Is it safe or effective to use the amps gain to keep from over driving a speaker? I'd like to use the two extra channels on an NX4 to drive one single 3.5" center channel speaker. The issue is, the NX4 is 100 watts and there are no speakers that I can find, in my budget ($100), that are rated for this.


----------



## 02bluesuperroo (Oct 31, 2006)

Yes, this is the proper way to do it and will be effective.


----------



## bhammer (Dec 9, 2011)

Thank you. Is there a formula I am looking for, for the proper AC voltage output of the amp?


----------



## t3sn4f2 (Jan 3, 2007)

There's no way, music is extremely dynamic and much easier on a speaker than the sine wave you will set max gain to. And in order to do what you want, you will have to set the head unit volume to a max point and never pass that. So when you get a very dynamic track or a low recording level, it then won't get as loud as your modern tracks. And when you turn it up past that determine point to compensate, you will loss that mark where you "set gain to x wattage to protect the driver". And you won't know where that new point is since you don't know where the song peaks. 

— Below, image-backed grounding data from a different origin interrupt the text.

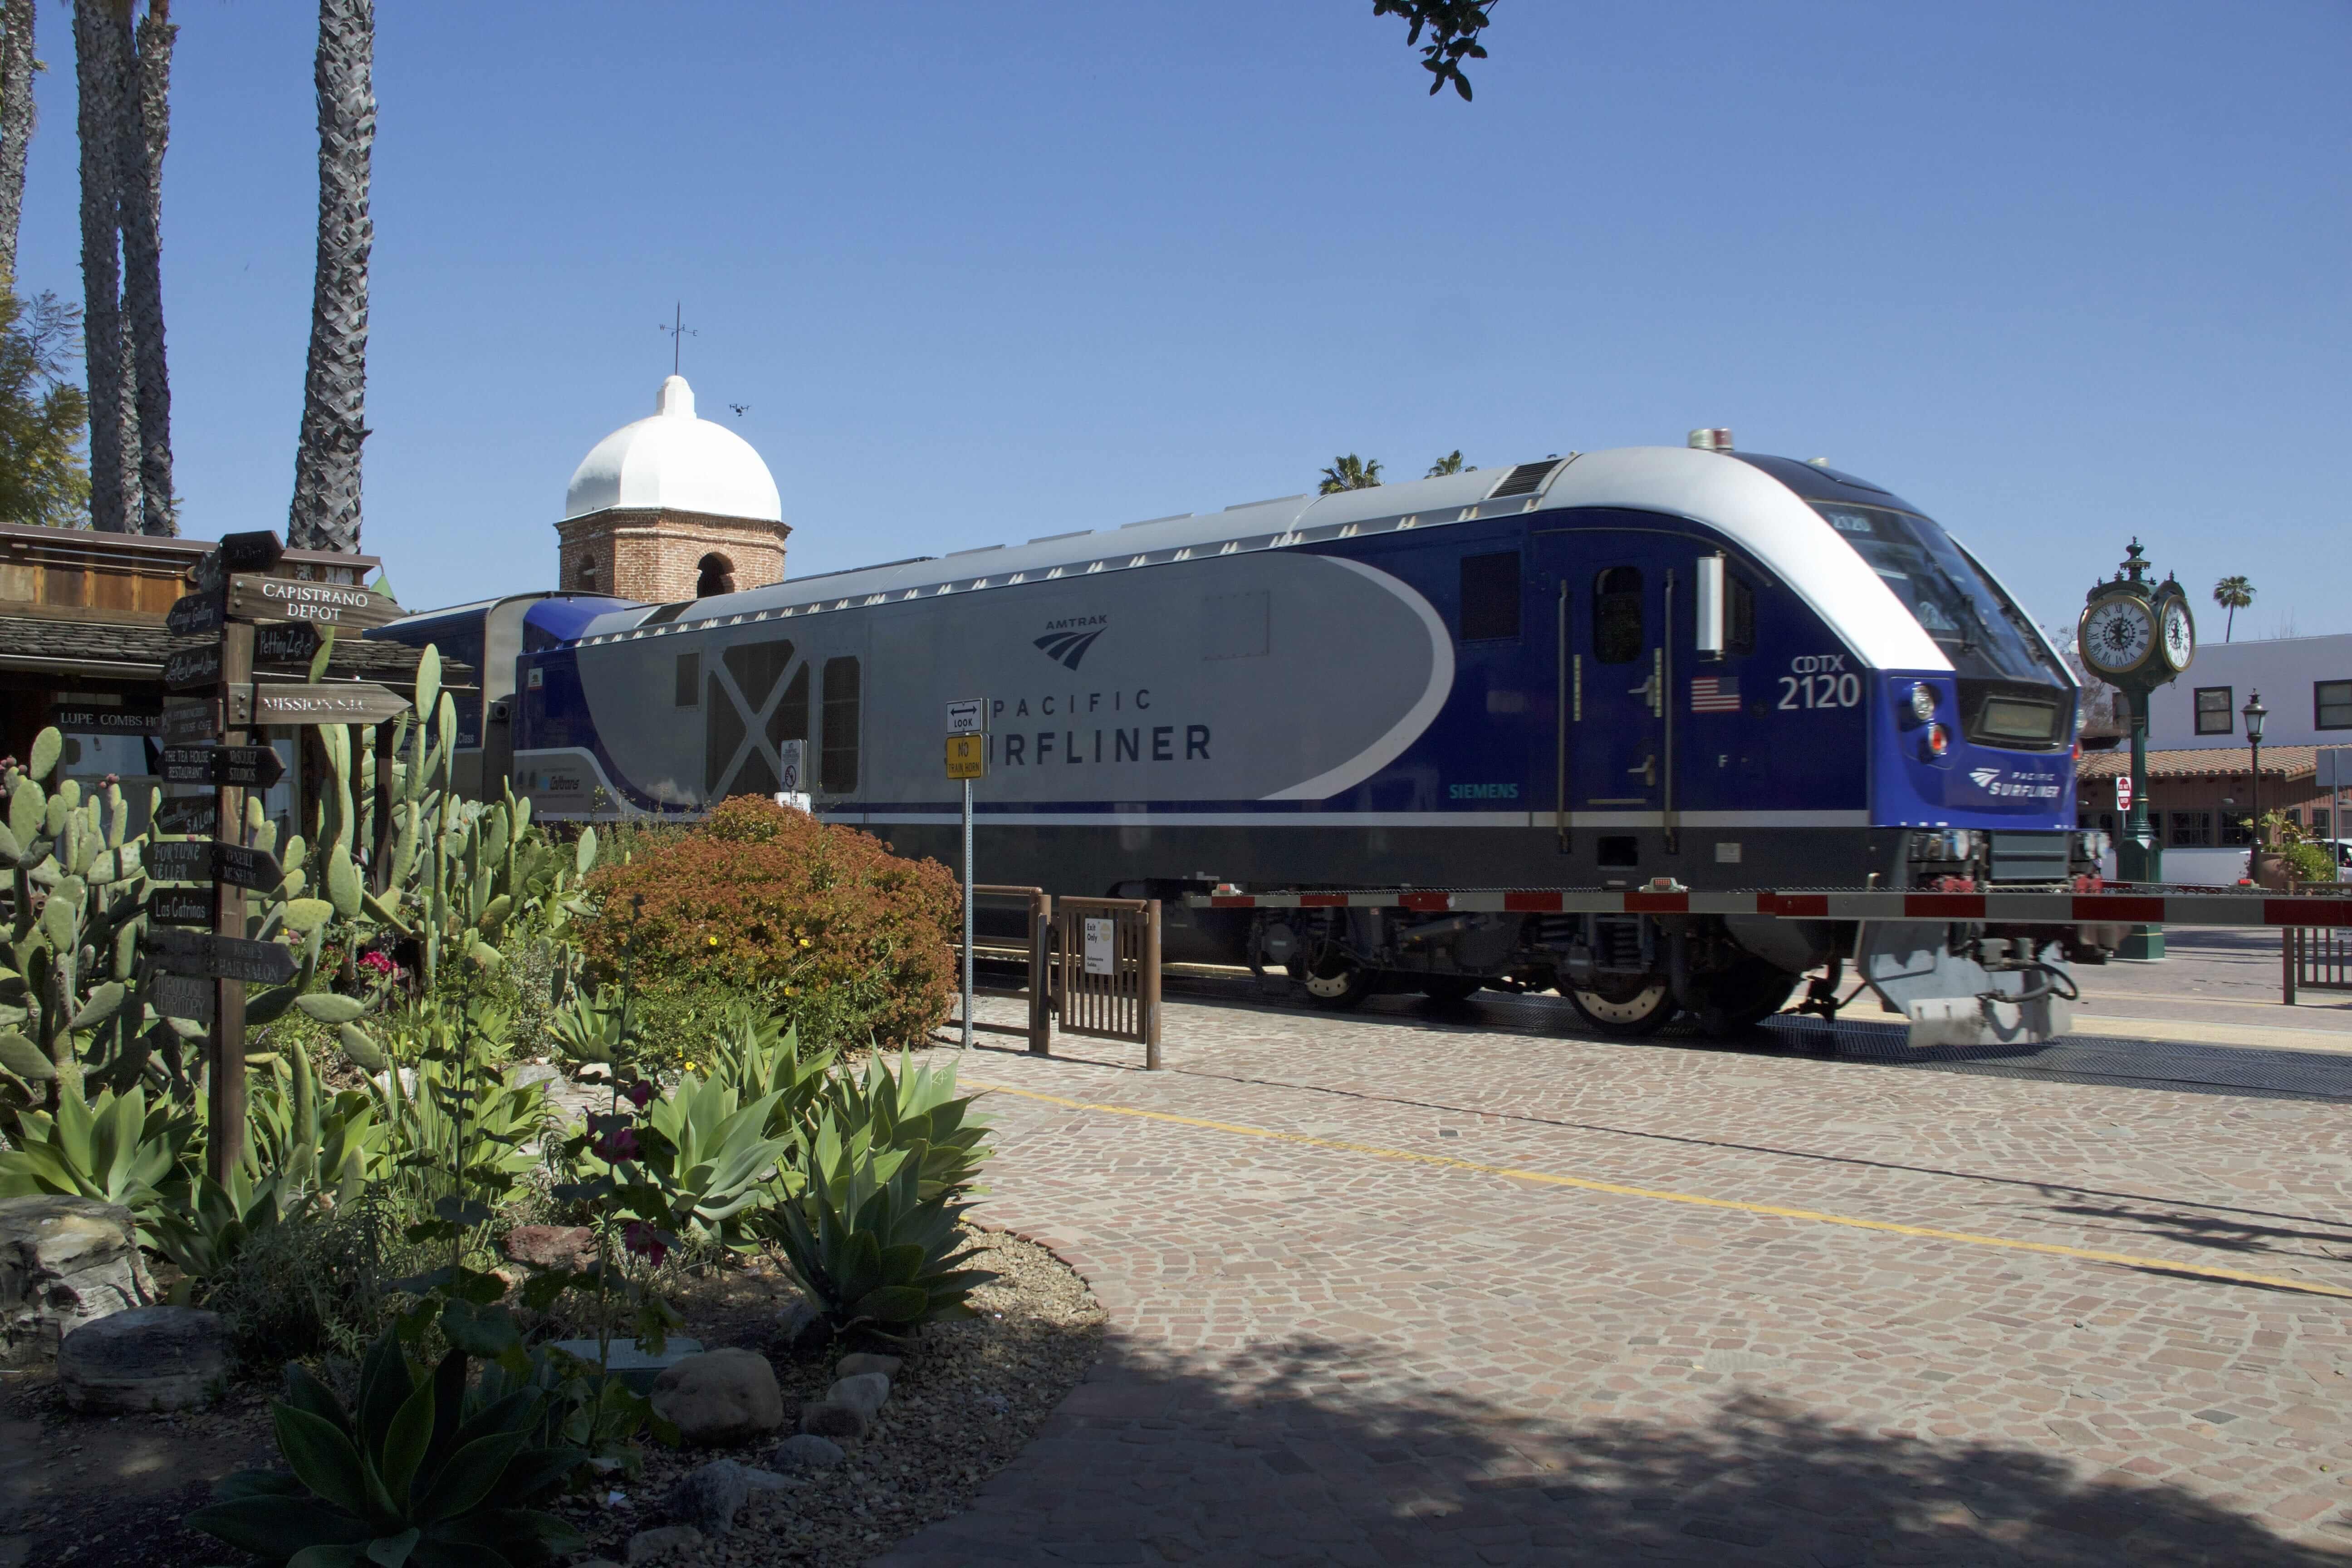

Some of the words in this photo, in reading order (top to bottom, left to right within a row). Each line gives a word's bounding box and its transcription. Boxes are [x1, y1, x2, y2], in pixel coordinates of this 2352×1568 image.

[263, 583, 368, 607] CAPISTRANO
[288, 603, 341, 621] DEPOT
[1046, 614, 1107, 630] AMTRAK
[259, 631, 285, 660] Petting
[1791, 654, 1845, 673] CDTX
[1777, 673, 1860, 710] 2120
[264, 697, 332, 710] MISSION
[993, 690, 1150, 718] PACIFIC
[60, 712, 94, 725] LUPE
[99, 714, 142, 726] COMBS
[954, 718, 972, 728] LOOK
[458, 732, 475, 744] Class
[990, 725, 1211, 766] RFLINER
[165, 750, 176, 762] THE
[177, 750, 188, 762] TEA
[189, 750, 209, 763] HOUSE
[958, 742, 969, 758] NO
[168, 766, 204, 779] RESTAURANT
[949, 763, 963, 774] TRAIN
[965, 762, 980, 773] HORN
[2011, 772, 2055, 781] PACIFIC
[1449, 784, 1519, 799] SIEMENS
[1988, 782, 2060, 798] SURFLINER
[186, 806, 215, 833] SALON
[154, 843, 200, 862] FORTUNE
[152, 864, 187, 880] TELLER
[155, 897, 170, 917] Las
[172, 897, 206, 918] Catrinas
[1087, 934, 1098, 943] Only
[219, 959, 241, 977] HAIR
[243, 962, 279, 981] SALON

And as the voice coil starts to heat up it becomes more resistive which causes the amp to put out less power, by as much as half the power. which throws off your calculation there too.

Pointless. Look how home receivers leave almost 50% of the volume scale without ever hardly being used, it's there for the reasons above and is needed. 

Best thing you can do is listen for when the speaker doesn't get any louder and starts to distort, then turn it down a bit.


----------



## sqshoestring (Jun 19, 2007)

Maybe like this?

Amp Tuning Voltage Chart - SMD Forum


----------



## ZAKOH (Nov 26, 2010)

To begin with, it's been pretty much confirmed that the NX4 does not do the rated power. With 12-13v, you'll probably see 60watts RMS at best. Next, why worry about RMS wattage? Do you play synthetic tones on your speakers the whole time and at full volume? Probably not. 

My tweeter amplifier is probably good for 80-100watts RMS. No problems so far. The actual musical power at the high frequencies is pretty low.


----------



## [email protected] (Jan 3, 2012)

Well its not like the power output from any amp is flat across the whole frequency range. Just turn the amp to the point just before clipping, and control it with the HU. Just because 4 ohm speakers are seeing 5vAC-RMS doesnt mean anything, because the impedance could be all over the place. Dont think so deeply into it.


----------



## sqshoestring (Jun 19, 2007)

If you are playing some bass into it, you can measure xmax to get an idea of its limits.


----------